The Francis-beast made millions with "Girls Gone Wild" but has had a number of legal problems, many of which have been documented here in the past. See, e.g., "Joe Francis Arrested Yet Again," Lowering the Bar (Aug. 24, 2011) (linking to lots of other examples). This time he was sued by casino magnate Steve Wynn for defamation, and while you'd think it would be hard to defame somebody in the gambling industry, it was not at all out of reach for Joe Francis, who claimed that Wynn threatened to hit him in the head with a shovel and have him buried in the desert over a gambling debt. Actually, Francis claimed (on Good Morning America) that Quincy Jones told him Wynn made that threat, a theory that was somewhat weakened at trial when Jones testified that it never happened and Francis was forced to admit he had never seen the emails in which the threat was allegedly made.
On Monday, the jury sided with Wynn, awarded him $20 million, and found that Francis had acted with "malice." The latter finding is very relevant (and also non-startling) because it means punitive damages were potentially available, and after another proceeding the jury decided they should be actually available, too.

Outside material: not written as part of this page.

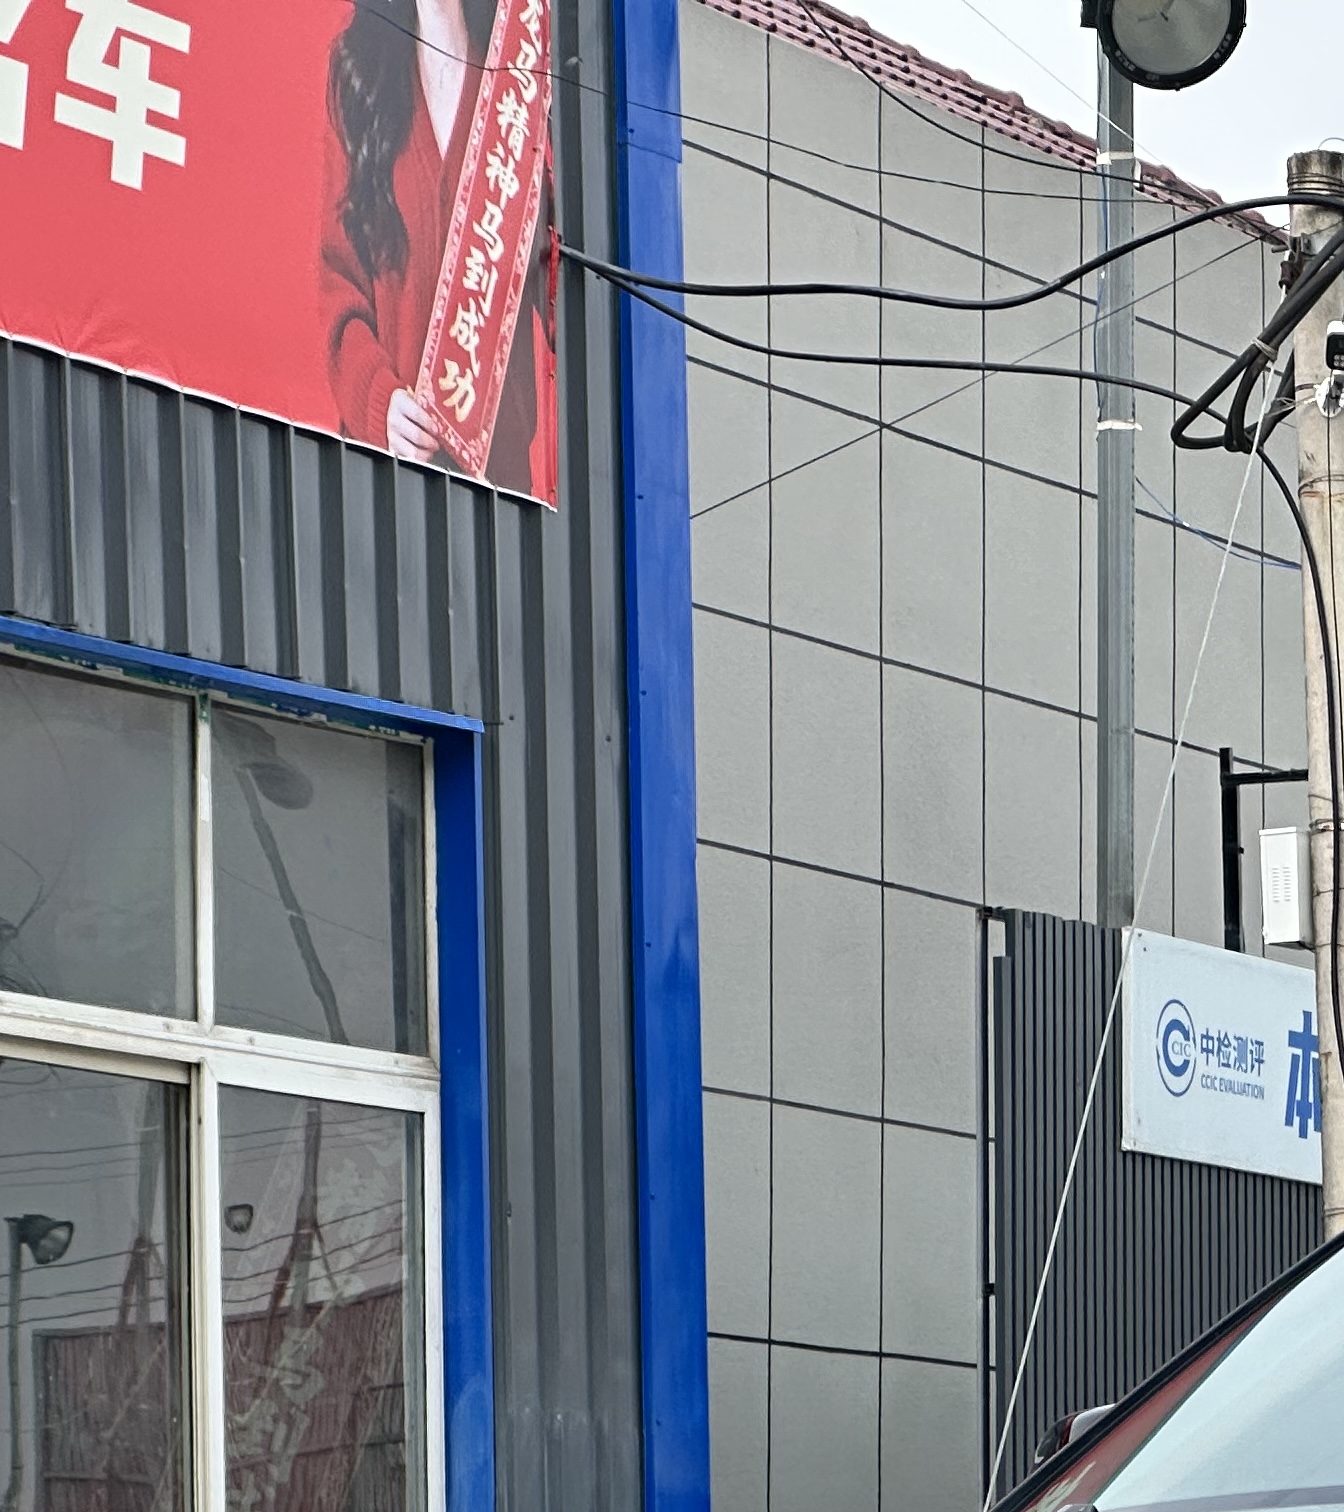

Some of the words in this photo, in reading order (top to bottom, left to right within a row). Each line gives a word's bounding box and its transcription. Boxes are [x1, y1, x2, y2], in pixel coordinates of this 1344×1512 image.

Apart from the size of the award being kind of ridiculous in absolute terms, there may be other problems with the verdict. I can see at least two legal issues here. First, as one reader has pointed out (so he saw it first), if you've been accused of wanting to hit a guy in the head with a shovel and bury him in the desert, and that guy is Joe Francis, have you really been defamed? Okay, that doesn't matter, but there is a legitimate issue—as pointed out by the California Punitive Damages blog, Francis's attorney has criticized the verdict because he says Wynn did not provide evidence of Francis's financial condition (his net worth). In California, a plaintiff is required to do that in order to get punitives, and a surprising number of big verdicts have been reversed because of this rule. On the other hand, the article suggests that Francis "did not provide financial records" to Wynn, so Wynn may have argued that Francis waived the right to object.

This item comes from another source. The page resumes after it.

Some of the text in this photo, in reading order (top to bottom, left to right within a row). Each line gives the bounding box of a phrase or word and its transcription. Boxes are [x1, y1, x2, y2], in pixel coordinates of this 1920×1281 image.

That means this feud will almost certainly continue on appeal, which should take it well into its fifth year (at least). It is actually Wynn's second win against Francis for defamation (that time a mere $7.5 million). There is really no reason to think that Francis is capable of learning to keep his mouth shut, and so maybe we can look forward to a third?
"I still maintain that my life was endangered," Francis insisted on his website, to the sound of crickets. "One day the public will see that I am the real victim here," he continued, and blah blah blah.
UPDATE (sort of): I forgot to use the line I promised another reader I would steal from him: "Joe Francis said Steve Wynn threatened to bury him in the desert. Wynn did it in downtown L.A. instead."